From 9b90a00b90e632cfa81f01c868d8d46037c9fc73 Mon Sep 17 00:00:00 2001
From: Dave Moore <davmre@google.com>
Date: Fri, 12 Jul 2019 09:24:37 -0700
Subject: [PATCH] Make `sample_size` argument mandatory in
 monte_carlo_variational_loss.

The current behavior is actually broken -- it defaults to None, but None is not a valid sample size. This was an oversight in the previous CL.

PiperOrigin-RevId: 257815557
---
 tensorflow_probability/python/vi/csiszar_divergence.py | 8 +++++---
 tensorflow_probability/python/vi/optimization.py       | 4 ++--
 2 files changed, 7 insertions(+), 5 deletions(-)
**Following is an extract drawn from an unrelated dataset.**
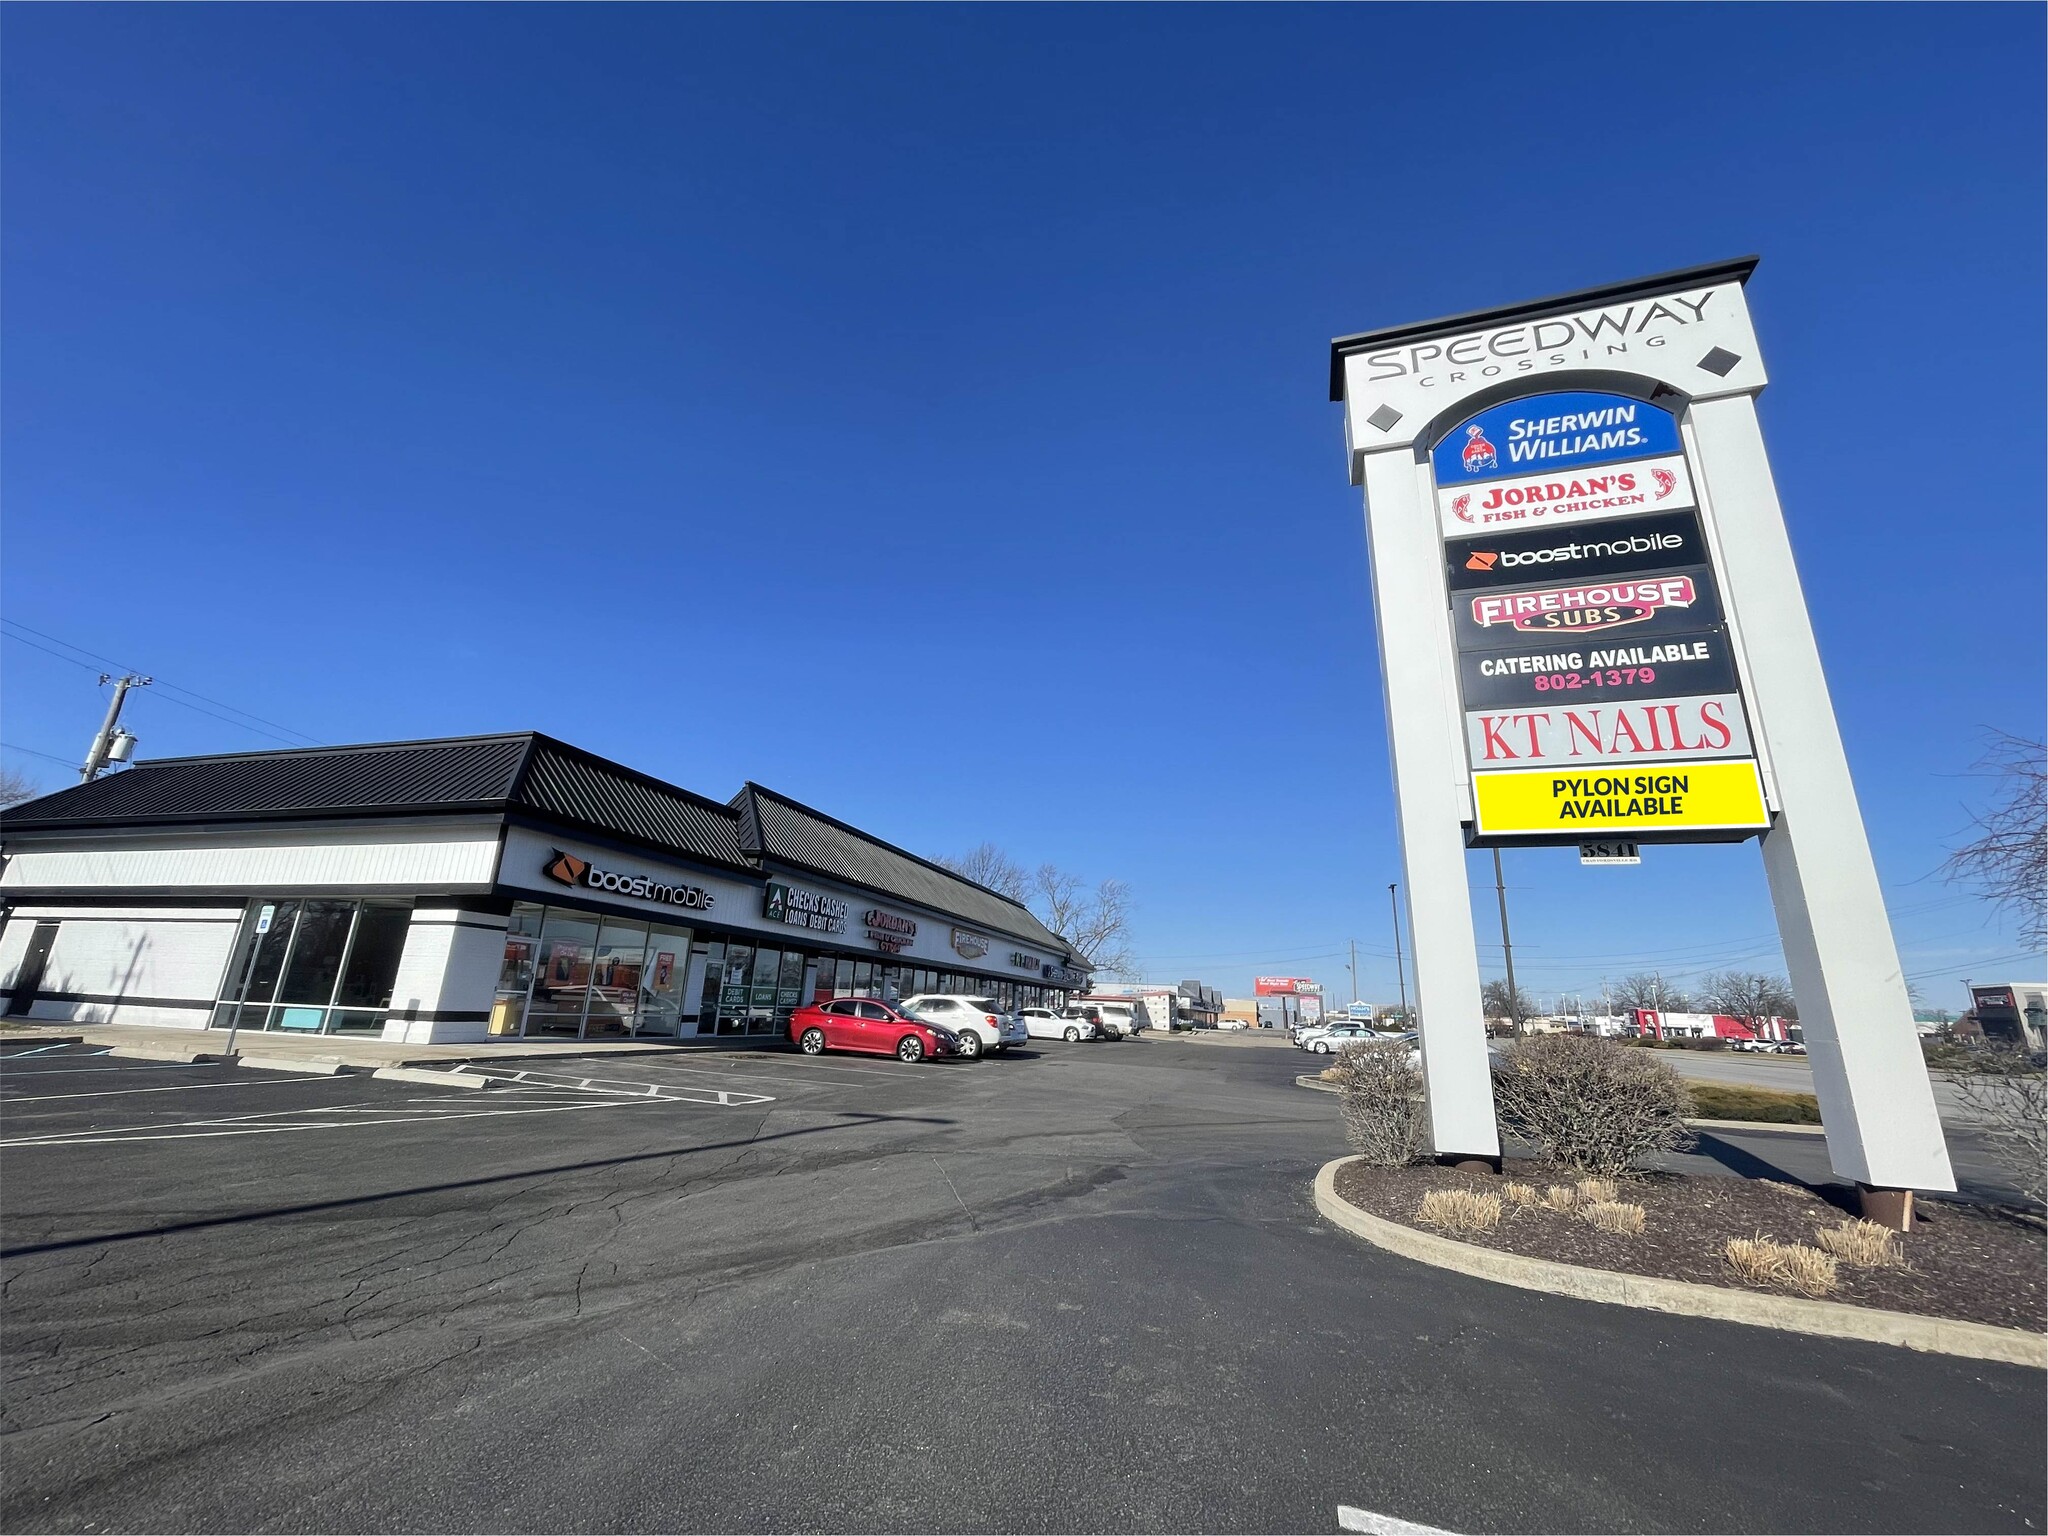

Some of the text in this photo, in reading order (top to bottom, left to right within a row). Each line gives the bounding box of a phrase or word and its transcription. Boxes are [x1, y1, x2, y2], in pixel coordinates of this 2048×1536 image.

diff --git a/tensorflow_probability/python/vi/csiszar_divergence.py b/tensorflow_probability/python/vi/csiszar_divergence.py
index 65b658f8ab..ceb560c1f0 100644
--- a/tensorflow_probability/python/vi/csiszar_divergence.py
+++ b/tensorflow_probability/python/vi/csiszar_divergence.py
@@ -790,8 +790,8 @@ def symmetrized_csiszar_function(logu, csiszar_function, name=None):
 
 def monte_carlo_variational_loss(target_log_prob_fn,
                                  surrogate_posterior,
+                                 sample_size=1,
                                  discrepancy_fn=kl_reverse,
-                                 sample_size=None,
                                  use_reparametrization=None,
                                  seed=None,
                                  name=None):
@@ -831,12 +831,14 @@ def monte_carlo_variational_loss(target_log_prob_fn,
       this is to use `tfp.util.DeferredTensor` to represent any parameters
       defined as transformations of unconstrained variables, so that the
       transformations execute at runtime instead of at distribution creation.
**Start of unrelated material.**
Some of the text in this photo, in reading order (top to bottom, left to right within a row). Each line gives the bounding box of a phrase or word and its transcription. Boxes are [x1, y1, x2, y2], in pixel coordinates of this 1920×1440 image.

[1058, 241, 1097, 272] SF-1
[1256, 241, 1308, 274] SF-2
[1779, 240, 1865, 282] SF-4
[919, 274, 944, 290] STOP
+    sample_size: Integer scalar number of Monte Carlo samples used to
+      approximate the variational divergence. Larger values may stabilize
+      the optimization, but at higher cost per step in time and memory.
+      Default value: `1`.
     discrepancy_fn: Python `callable` representing a Csiszar `f` function in
       in log-space. That is, `discrepancy_fn(log(u)) = f(u)`, where `f` is
       convex in `u`.
       Default value: `tfp.vi.kl_reverse`.
-    sample_size: Integer scalar number of Monte Carlo samples used to
-      approximate the variational divergence.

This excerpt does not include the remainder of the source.